Catching Up…

The last couple of months have been pretty hectic and I haven’t had much time to post here, so let me give a brief rundown of recent developments.

First, let me start with the stuff I’m missing out on, being here in Japan. I was sorry to miss a roundtable discussion on Violence, Victimhood and Virtue, Friday 2 May, 4:30-6:00 (with tea from 4 p.m.), Colin Matthews Room, Radcliffe Humanities Building, Woodstock Road, Oxford. The central question – ‘How do readers engage with a hero or heroine’s suffering, courage, pain, and defiance?’ – is right up my street, and I should have been very much in my milieu sipping tea in those august surroundings, listening to Eva Miller holding forth on ‘The Suffering Male and the Female Gaze in Modern Popular Culture’ and Kate Cooper on ‘Early Christian Martyr Narratives and the “Viral” Emotions’. But, alas, it was not to be!

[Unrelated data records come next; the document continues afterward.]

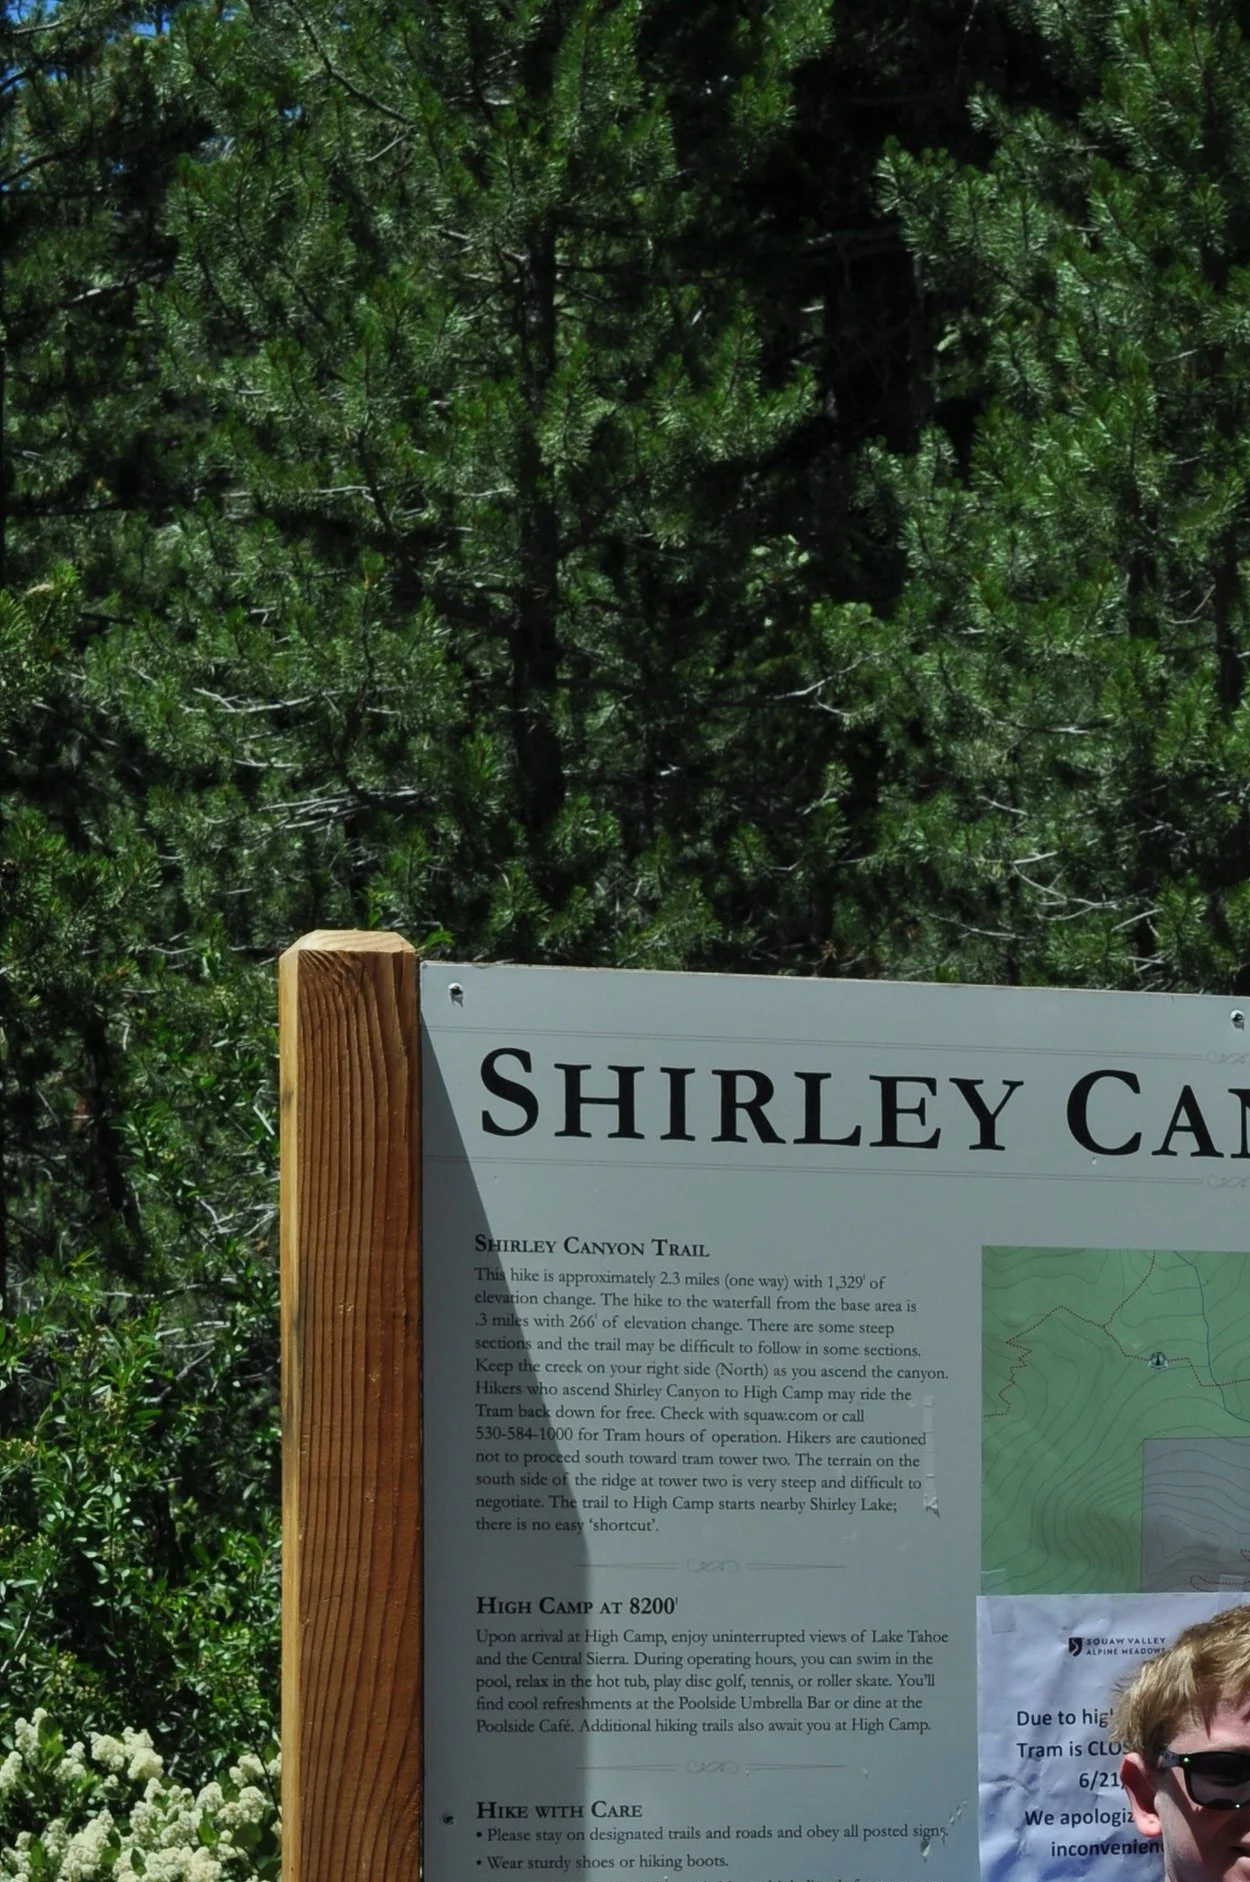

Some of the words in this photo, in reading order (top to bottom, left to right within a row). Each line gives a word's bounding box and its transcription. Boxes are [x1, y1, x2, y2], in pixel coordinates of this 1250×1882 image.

[481, 1048, 1024, 1151] SHIRLEY
[474, 1233, 558, 1253] SHIRLEY
[559, 1235, 645, 1255] CANYON
[650, 1236, 710, 1257] TRAIL
[474, 1266, 505, 1281] This
[510, 1267, 539, 1282] hike
[543, 1268, 554, 1282] is
[558, 1268, 656, 1288] approximately
[659, 1270, 680, 1285] 2.3
[684, 1271, 722, 1286] miles
[721, 1272, 754, 1290] (one
[757, 1273, 788, 1291] way)
[792, 1273, 822, 1288] with
[827, 1272, 865, 1291] 1,329'
[869, 1275, 886, 1290] of
[475, 1379, 524, 1396] Hikers
[523, 1381, 558, 1396] who
[559, 1381, 612, 1396] ascend
[611, 1378, 662, 1401] Shirley
[665, 1383, 719, 1402] Canyon
[724, 1387, 741, 1398] to
[743, 1384, 777, 1403] High
[781, 1383, 823, 1404] Camp
[827, 1389, 856, 1404] may
[859, 1386, 886, 1400] ride
[890, 1387, 911, 1401] the
[474, 1423, 573, 1441] 530-584-1000
[577, 1426, 599, 1441] for
[602, 1425, 640, 1442] Tram
[644, 1427, 685, 1442] hours
[689, 1428, 707, 1442] of
[710, 1424, 781, 1448] operation.
[785, 1429, 831, 1444] Hikers
[835, 1434, 856, 1444] are
[860, 1431, 928, 1445] cautioned
[475, 1595, 533, 1614] HIGH
[535, 1595, 593, 1615] CAMP
[598, 1601, 623, 1614] AT
[628, 1594, 678, 1615] 8200'
[475, 1628, 516, 1647] Upon
[519, 1628, 564, 1643] arrival
[566, 1632, 581, 1642] at
[584, 1628, 619, 1647] High
[622, 1628, 668, 1647] Camp,
[671, 1628, 709, 1647] enjoy
[711, 1628, 805, 1648] uninterrupted
[808, 1629, 849, 1643] views
[848, 1628, 868, 1643] of
[871, 1628, 905, 1643] Lake
[906, 1629, 948, 1643] Tahoe
[1086, 1637, 1125, 1646] SQUAW
[1127, 1637, 1166, 1645] VALLEY
[1086, 1647, 1118, 1656] ALPINE
[475, 1718, 535, 1733] Poolside
[538, 1715, 574, 1734] Café.
[578, 1715, 652, 1732] Additional
[654, 1717, 700, 1736] hiking
[701, 1717, 733, 1732] trails
[737, 1717, 764, 1731] also
[767, 1717, 803, 1731] await
[804, 1721, 833, 1736] you
[834, 1720, 847, 1731] at
[851, 1716, 884, 1735] High
[888, 1712, 931, 1735] Camp.
[1016, 1711, 1052, 1727] Due
[1058, 1710, 1077, 1725] to
[1082, 1708, 1114, 1728] hig
[1016, 1742, 1063, 1759] Tram
[1069, 1741, 1083, 1757] is
[1079, 1771, 1125, 1791] 6/21
[475, 1800, 529, 1820] HIKE
[531, 1805, 584, 1818] WITH
[590, 1799, 643, 1818] CARE
[1025, 1810, 1055, 1826] We
[1060, 1808, 1135, 1828] apologiz
[1051, 1839, 1165, 1858] inconvenien
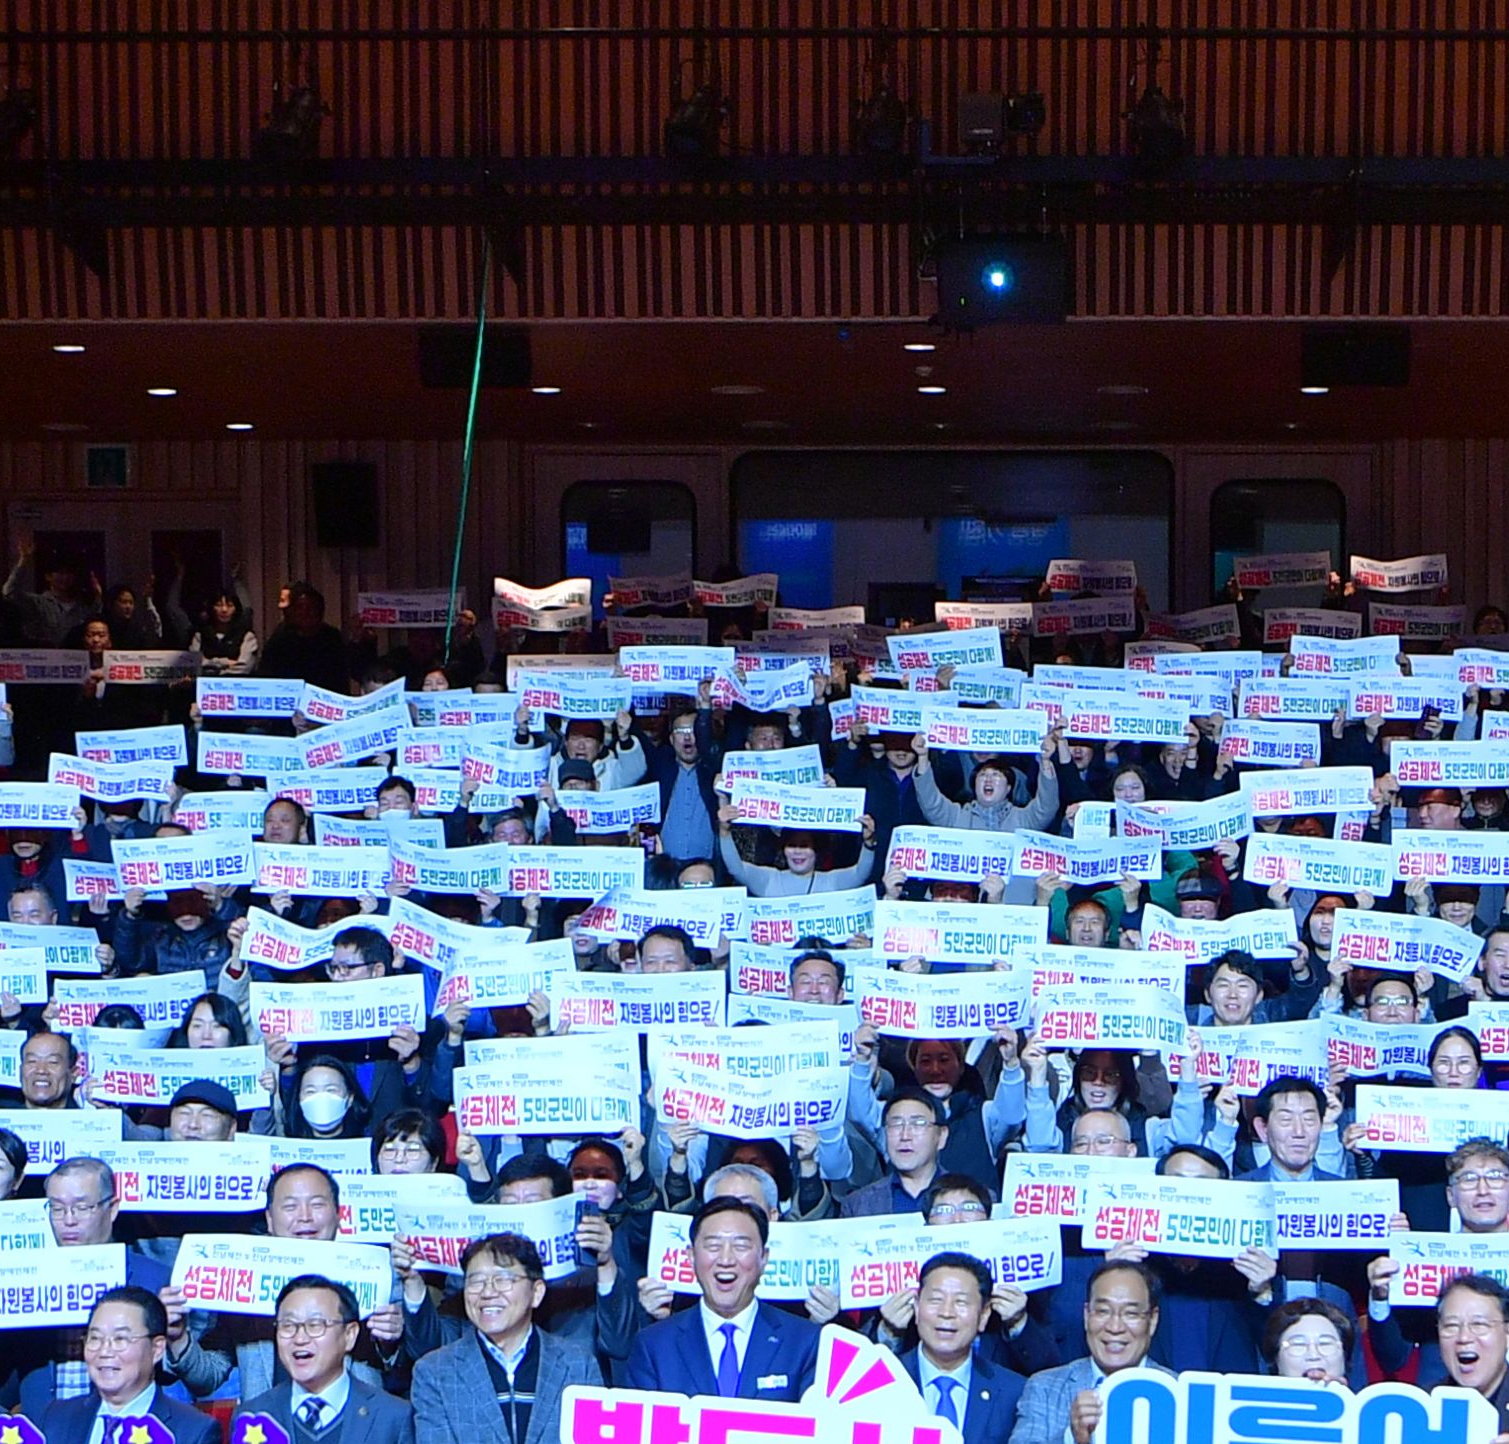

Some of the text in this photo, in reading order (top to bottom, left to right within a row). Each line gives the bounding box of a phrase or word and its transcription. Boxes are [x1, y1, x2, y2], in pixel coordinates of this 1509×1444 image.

[1114, 717, 1154, 733] 5만군민이
[1445, 763, 1486, 779] 5만군민이
[161, 854, 249, 883] 자원봉사의 힘으로!
[1022, 850, 1156, 879] 성공체전, 자원봉사의 힘으로!
[1306, 862, 1354, 884] 5만군민이
[1350, 867, 1385, 887] 다함께!
[1401, 854, 1450, 876] 성공체전,
[1452, 856, 1504, 875] 자원봉사의
[420, 868, 472, 891] 5만군민이
[554, 871, 635, 893] 5만군민이 다함께!
[796, 911, 845, 941] 5만군민이
[1200, 933, 1249, 959] 5만군민이
[322, 1008, 375, 1031] 자원봉사의
[374, 1004, 417, 1030] 힘으로!
[620, 1002, 675, 1024] 자원봉사의
[678, 1001, 717, 1025] 힘으로!
[862, 998, 1030, 1029] 성공체전, 힘으로!
[1041, 1012, 1160, 1039] 성공체전, 5만군민이
[457, 1096, 519, 1126] 성공체전,
[524, 1097, 586, 1122] 5만군민이
[729, 1103, 790, 1129] 자원봉사의
[795, 1100, 844, 1130] 힘으로!
[147, 1175, 211, 1200] 자원봉사의
[1096, 1208, 1236, 1245] 성공체전, 5만군민이
[1277, 1214, 1342, 1238] 자원봉사의
[1001, 1254, 1054, 1282] 힘으로!
[183, 1267, 255, 1302] 성공체전,

I will also be unable to attend the conference on Early Modern Women, Religion and the Body (Loughborough, July 22-23), though at least I will be able to follow proceedings via Early Modern Women on Twitter. I’m especially interested in the following topic areas:

Suffering as part of religious experience and conversion
Spritual melancholy, madness, demonic possession, or witchcraft
Chastity and religious life
The miraculous or martyred female body

Yet another conference I missed out on was The Hurtful Body (Royal Flemish Academy, Brussels, November 21-22, 2013). This seems to have been a very fruitful meeting of minds and I was flattered (despite not being able to attend personally) to be invited to contribute a chapter to a collection of papers arising from the conference. The emphasis is on the visual arts, which lies beyond the province of my normal text-based research, and I am not sure whether I can come up with something that will satisfy the editors’ requirements, but I certainly intend to try!

Another little feather in my cap was an article in the latest volume of Recusant History (May 2014), which is out in print but doesn’t seem to available online yet. It’s on the general topic of ‘The Protestant Reception of Catholic Devotional Literature in England to 1700’, and isn’t related to attitudes towards suffering, but it’s from my research into Protestant readers of Catholic texts that I approached the whole subject of early modern suffering, so there’s a link there somewhere!

If that floats your boat, I’ve got another, related, paper coming out in the next issue of Reformation and Renaissance Review, entitled ‘Robert Persons’s Resolution and the Issue of Textual Piracy in Protestant Editions of Catholic Devotional Literature’. Again, it’s about the Protestant reception of Catholic literature rather than about issues relating to suffering, but it was through a study of Protestant readers of Catholic literature that my attention was drawn to the two radically different discourses of suffering developing synchronously during the seventeenth century.

I will be in Cambridge in September, for the Reformation Studies Colloquium and, between one thing and another, I’ll be in the UK for much of the summer. I will be in need of light relief, uplifting company, good food and beer, so like-minded individuals please take note & get in touch!

I’ll be back in due course with some more tidbits on suffering, but not for a while perhaps. Gird your gonads, grit your teeth and settle in for a bit of a wait!

UPDATE: The report on the Early Modern Women conference is here.

The Hurtful Body has been published, and my chapter on Masochism and the Female Gaze is included in it.